We can see there are categories of the descriptions and also lines it appears. For example 'SPACE BOY', 'DOLLY GIRL', 'CIRCUS PARADE', etc. across multiple categories such as 'CHILDRENS CUTLERY', 'NAPKINS', 'APRON's and more. 

In [None]:
df.Description[df.Description.str.contains('CIRCUS PARADE') == True].value_counts()

In [None]:
df.Description[df.Description.str.contains('PLASTERS IN TIN') == True].value_counts()

In [None]:
df.Description[df.Description.str.contains('LUNCH BOX') == True].value_counts()

In [None]:
df.Description[df.Description.str.contains('NAPKINS') == True].value_counts()

In [None]:
df.Description[df.Description.str.contains('FAIRY CAKES') == True].value_counts()

In [None]:
df.Description[df.Description.str.contains('NOTEBOOK') == True].value_counts()

In [None]:
df.Description[df.Description.str.contains('BABUSHKA') == True].value_counts()

In [None]:
df.Description[df.Description.str.contains('HOT WATER BOTTLE') == True].value_counts()

In [None]:
df.Description[df.Description.str.contains('CHARLIE','LOLA') == True].value_counts()
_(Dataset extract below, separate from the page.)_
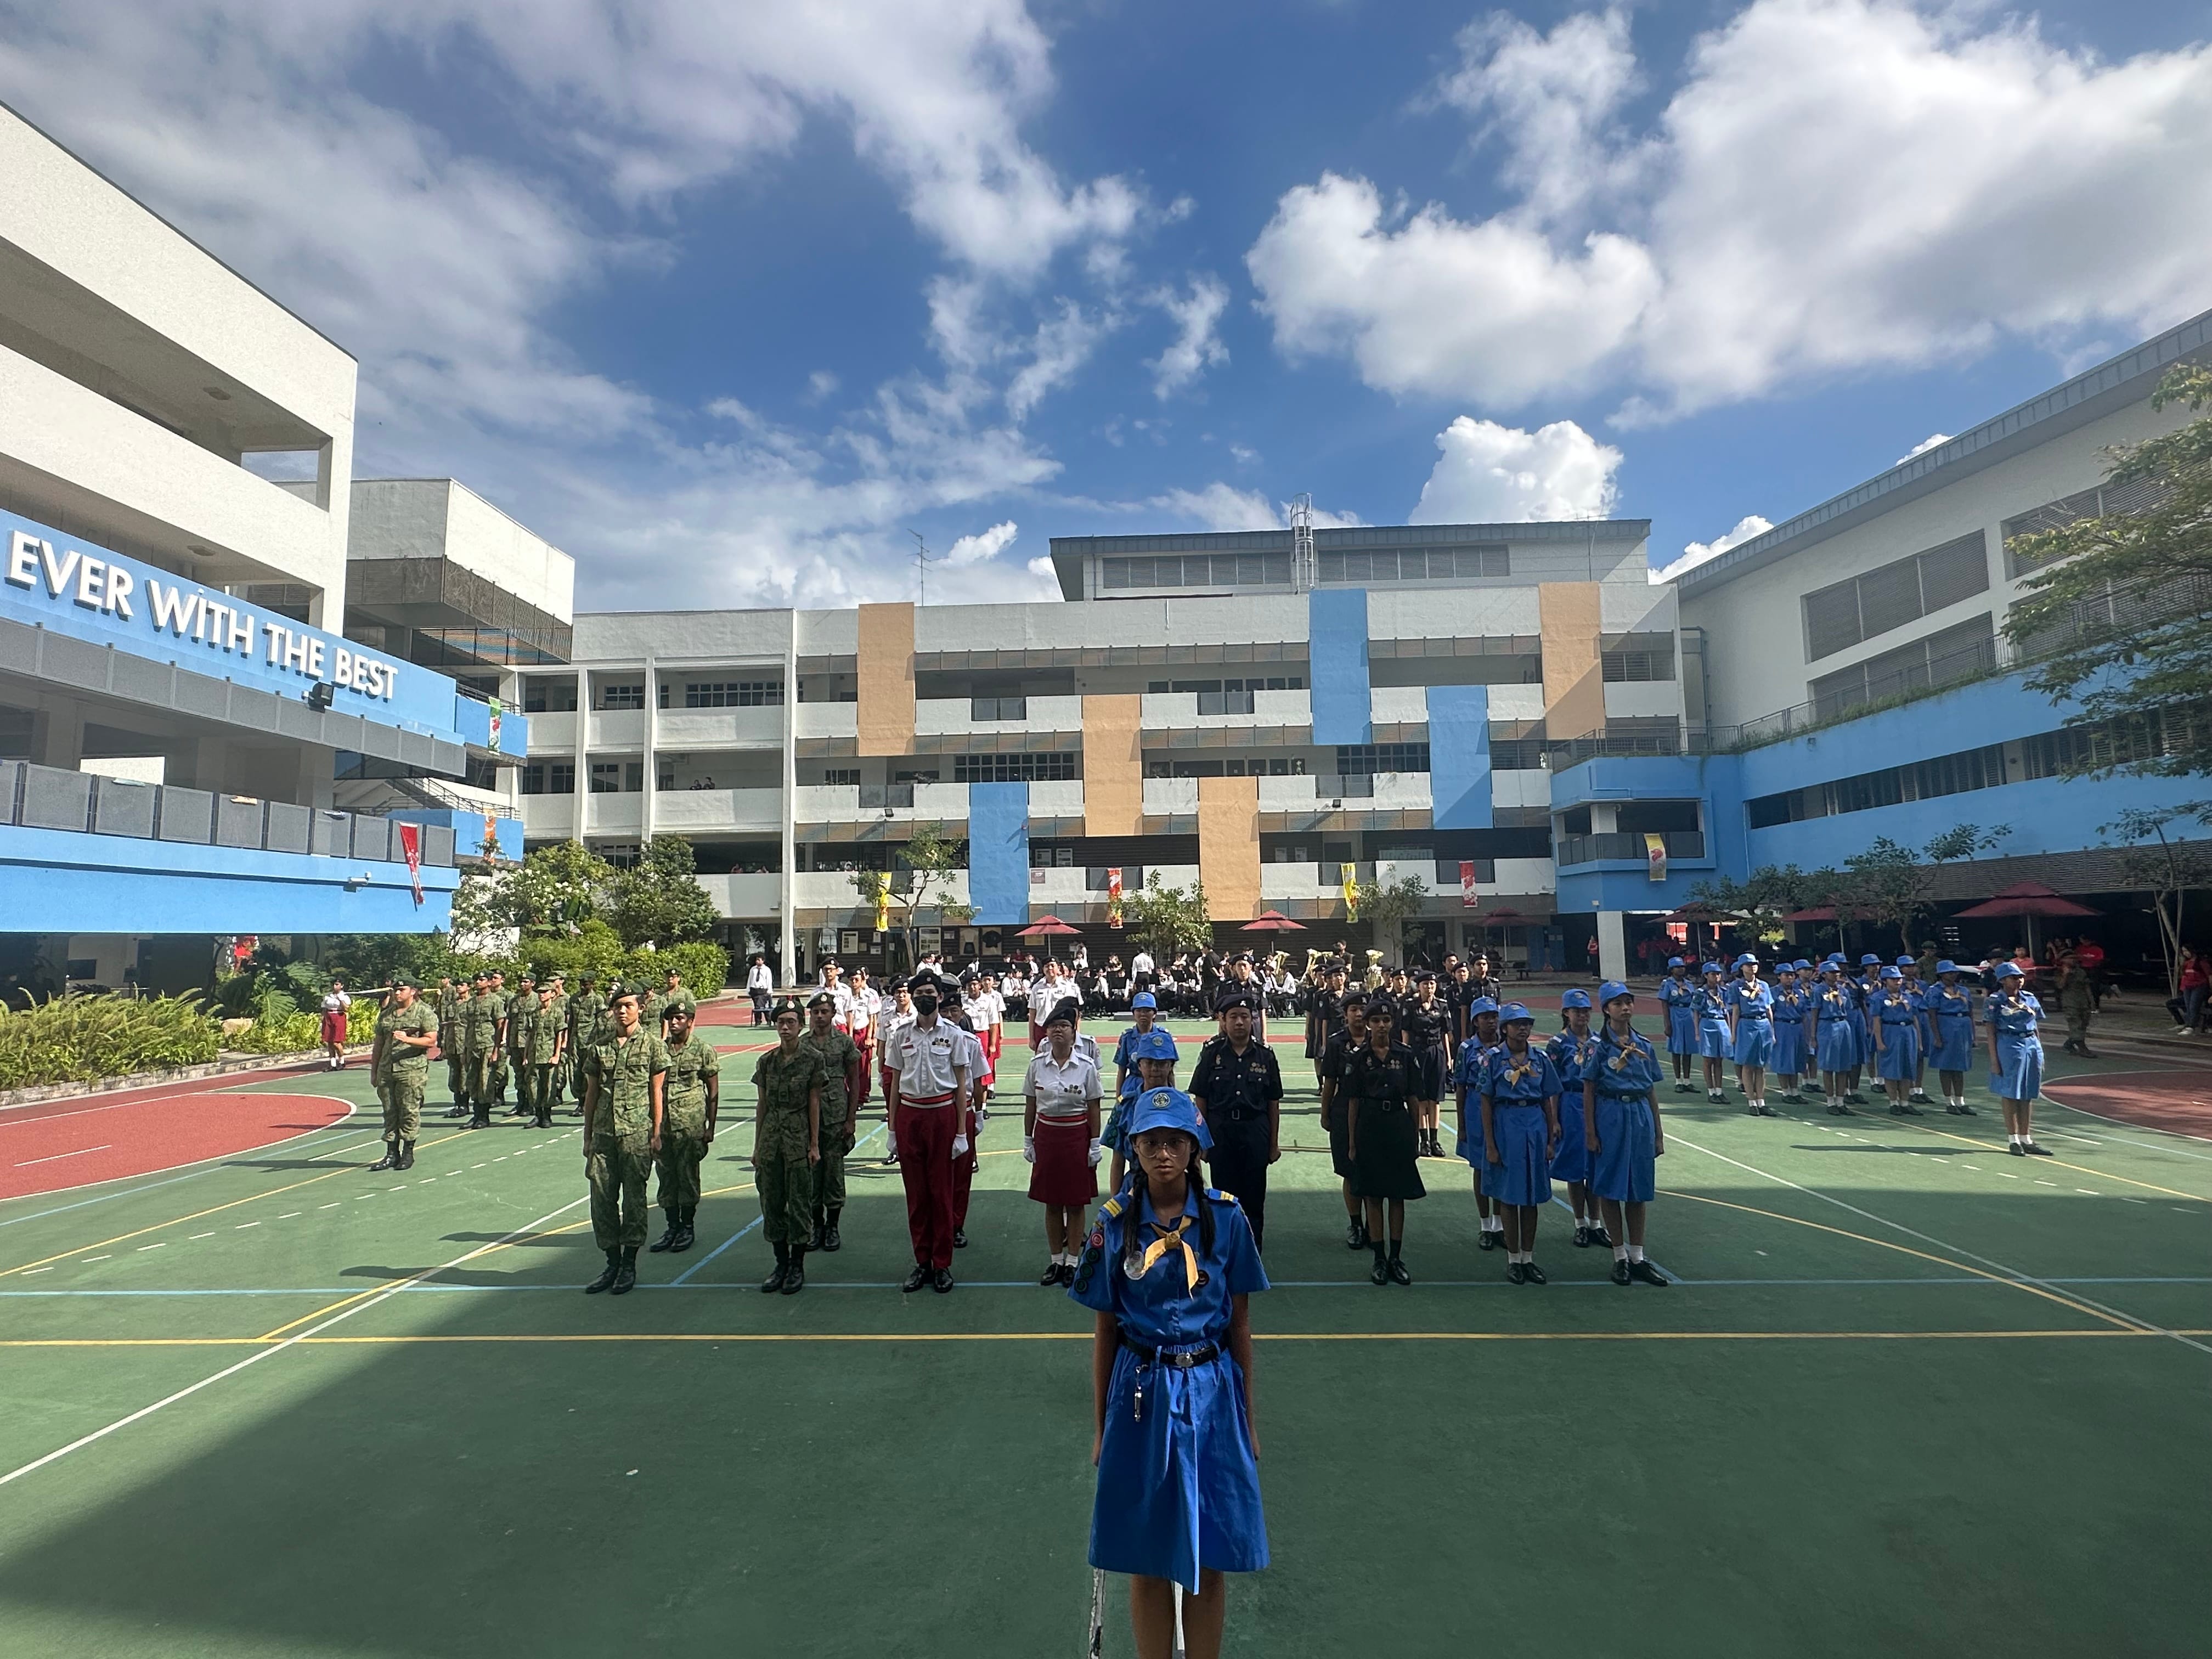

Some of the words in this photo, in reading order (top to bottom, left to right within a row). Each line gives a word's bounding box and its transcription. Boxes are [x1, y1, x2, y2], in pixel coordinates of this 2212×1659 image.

As we can see there are numerous different categories and lines of products. These could be broken down into categories and even colors for deeper insights and analyses. This would be a project in itself. For now I will continue to conduct an RMF analysis. However, for future work I believe it would be valuable to find groups of buyers based also on the types of categories they purchases. 

# Future Work

We can see there are many categories of products, such as napkins, aprons, notebooks, water bottles, lunch bags, etc. And across those categories there are many different lines of products, such as 'SPACE BOY', 'DOLLY GIRL', 'CIRCUS PARADE', 'CHARLIE + LOLA', and even 'BABUSHKA'. 

Greater insights could be attained by adding categories and lines. This could support more targeted advertising directly to its current customers, which would increase customer experience, engagement and revenue. It could also support targeted digital advertising such as Facebook and Google Ads. 

It the retailer doesn't already have it in place, they could add a recommendation system to increase price per transaction, revenue and customer lifetime values.